Work instruction: Apart from the pictures, every entry below should be repeated exactly.

[[ Supplied records open ]]

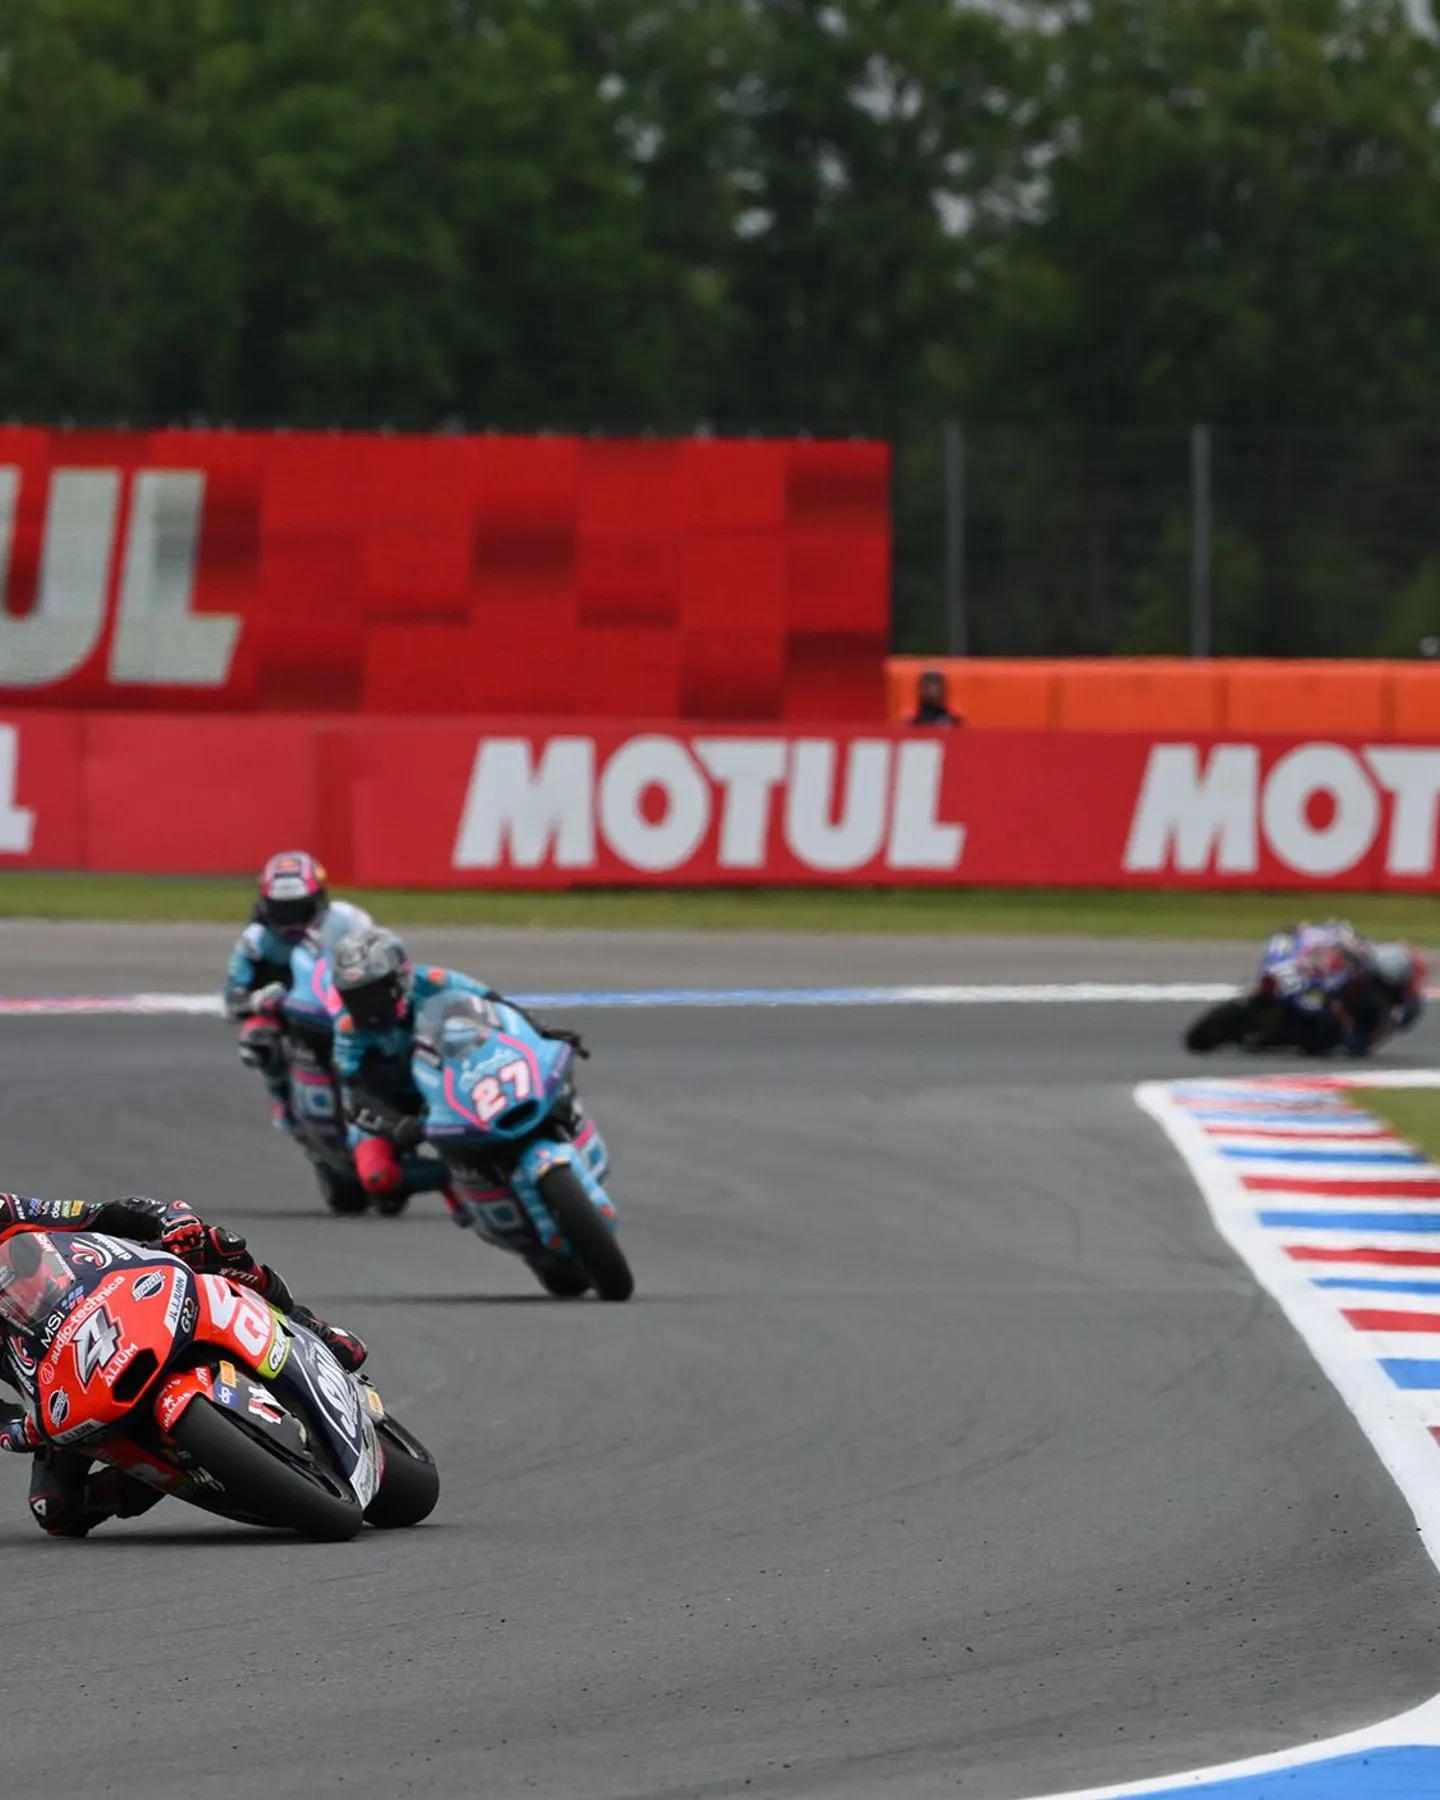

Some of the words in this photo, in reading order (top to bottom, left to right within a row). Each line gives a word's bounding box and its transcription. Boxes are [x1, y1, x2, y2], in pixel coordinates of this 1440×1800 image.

[452, 735, 966, 872] MOTUL
[1122, 741, 1440, 876] MOT
[472, 1059, 530, 1123] 27
[40, 1311, 66, 1350] MSI
[50, 1275, 127, 1365] audio-technica
[72, 1305, 119, 1384] 4
[104, 1342, 139, 1388] ALIUM
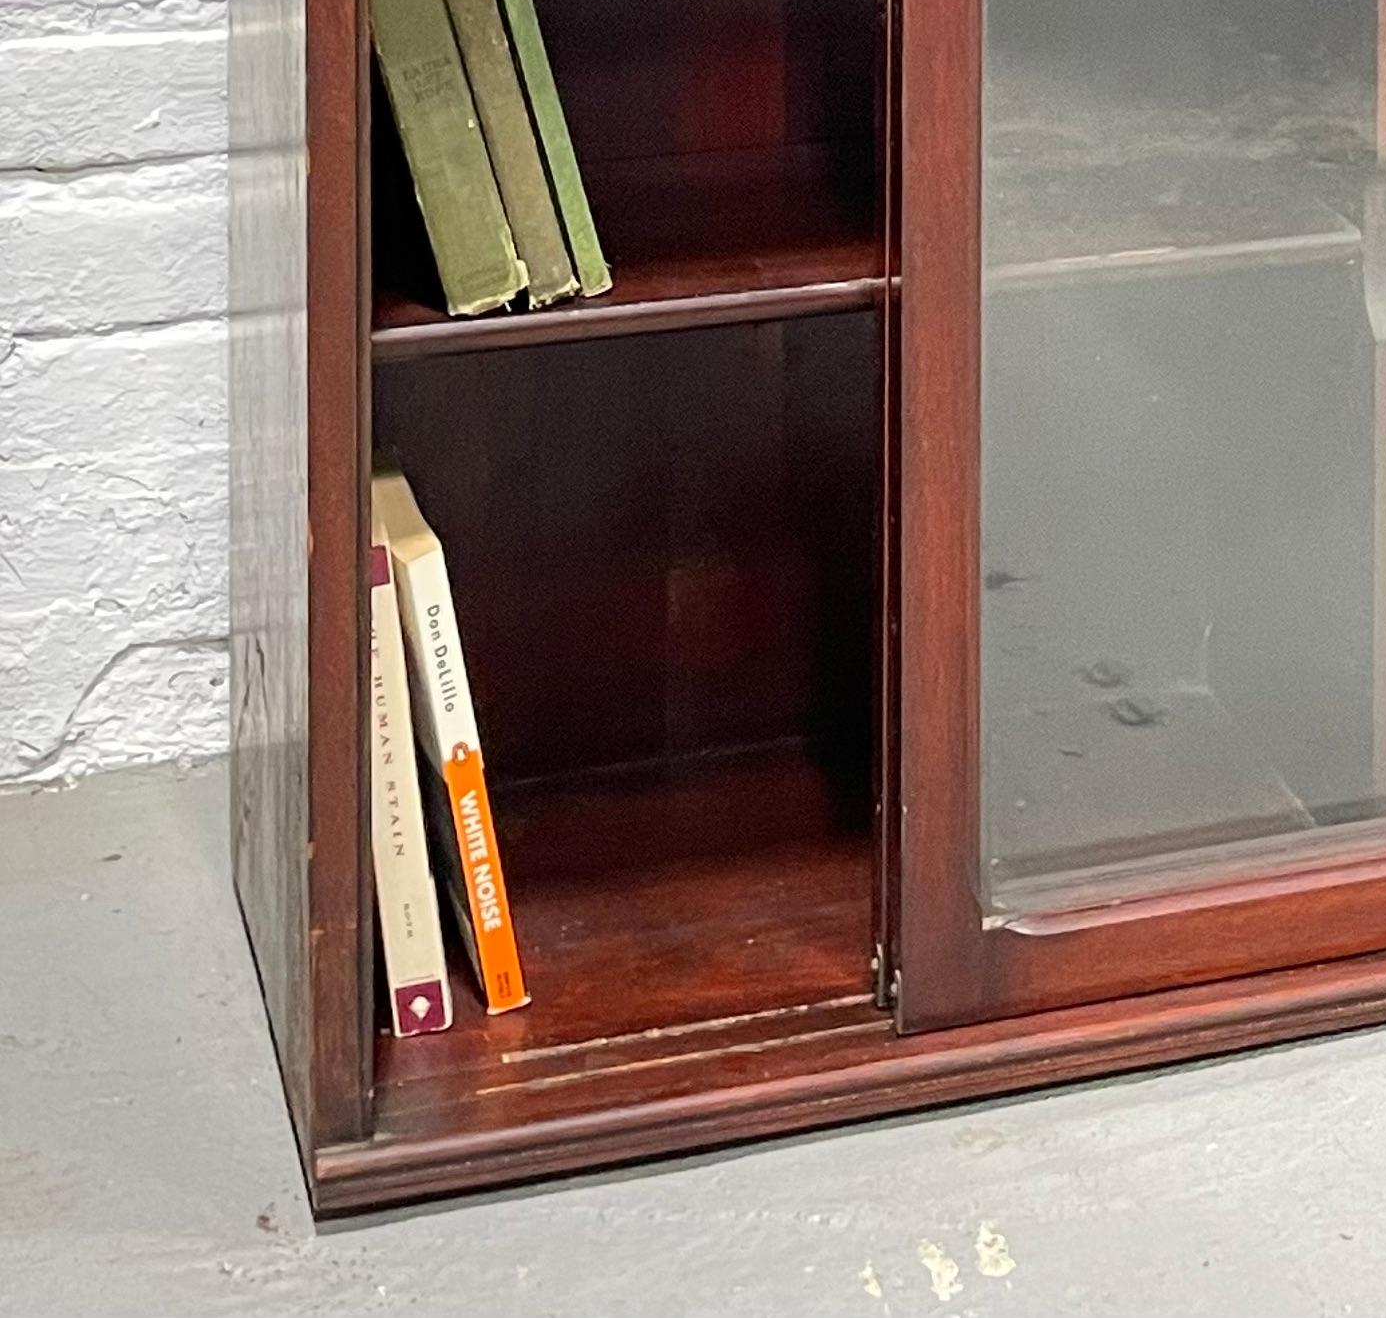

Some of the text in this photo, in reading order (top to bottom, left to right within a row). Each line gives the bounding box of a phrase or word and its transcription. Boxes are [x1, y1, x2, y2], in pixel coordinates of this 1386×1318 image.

[427, 603, 458, 713] Don DeLillo
[374, 674, 394, 765] HUMAN
[386, 780, 405, 856] STAIN
[459, 789, 503, 933] WHITE NOISE
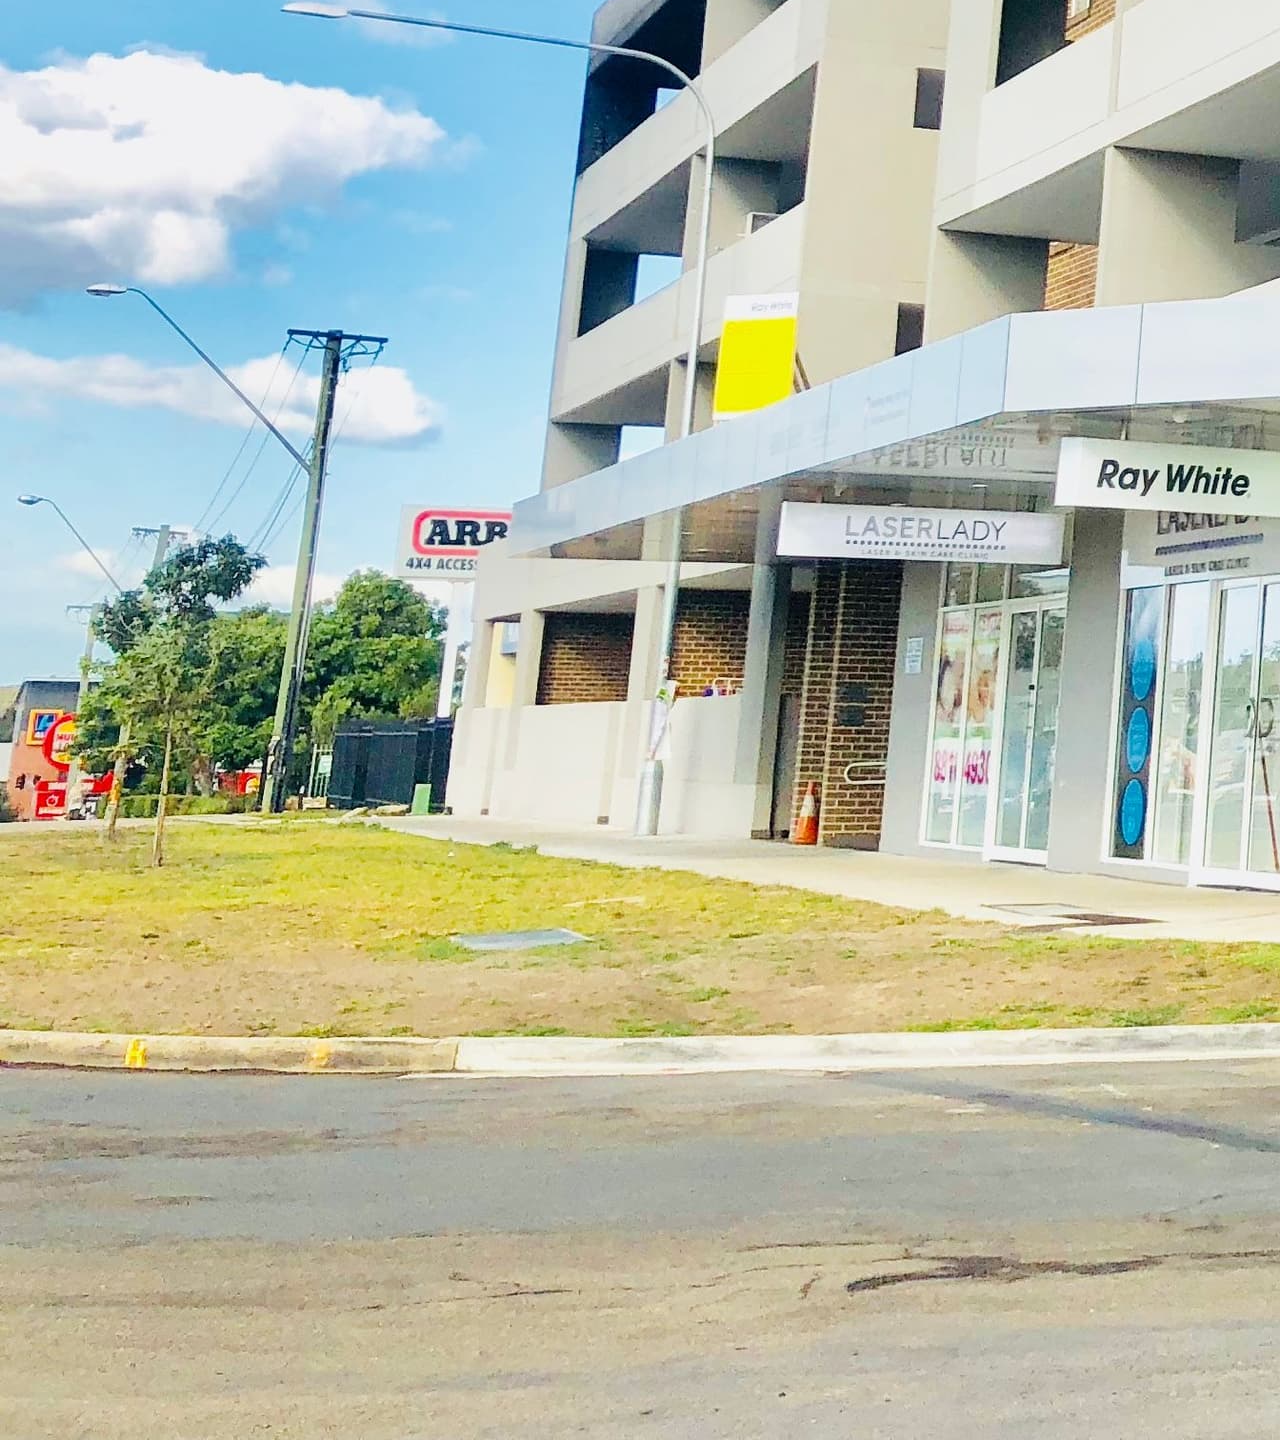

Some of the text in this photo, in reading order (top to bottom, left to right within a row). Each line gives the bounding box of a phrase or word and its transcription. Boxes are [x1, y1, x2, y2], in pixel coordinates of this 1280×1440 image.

[1097, 459, 1250, 496] Ray White
[845, 515, 1007, 541] LASERLADY
[436, 558, 478, 571] ACCES

[[ Supplied records closed ]]

Written solution:
Some of the words in this photo, in reading order (top to bottom, left to right within a row). Each line gives a word's bounding box and its transcription. Boxes are [x1, y1, x2, y2], in pixel coordinates of this 1440×1800 image.

[452, 735, 966, 872] MOTUL
[1122, 741, 1440, 876] MOT
[472, 1059, 530, 1123] 27
[40, 1311, 66, 1350] MSI
[50, 1275, 127, 1365] audio-technica
[72, 1305, 119, 1384] 4
[104, 1342, 139, 1388] ALIUM

Some of the text in this photo, in reading order (top to bottom, left to right within a row). Each line gives the bounding box of a phrase or word and its transcription. Boxes are [x1, y1, x2, y2], in pixel coordinates of this 1386×1318 image.

[427, 603, 458, 713] Don DeLillo
[374, 674, 394, 765] HUMAN
[386, 780, 405, 856] STAIN
[459, 789, 503, 933] WHITE NOISE

Some of the text in this photo, in reading order (top to bottom, left to right within a row). Each line gives the bounding box of a phrase or word and its transcription. Boxes are [x1, y1, x2, y2], in pixel coordinates of this 1280×1440 image.

[1097, 459, 1250, 496] Ray White
[845, 515, 1007, 541] LASERLADY
[436, 558, 478, 571] ACCES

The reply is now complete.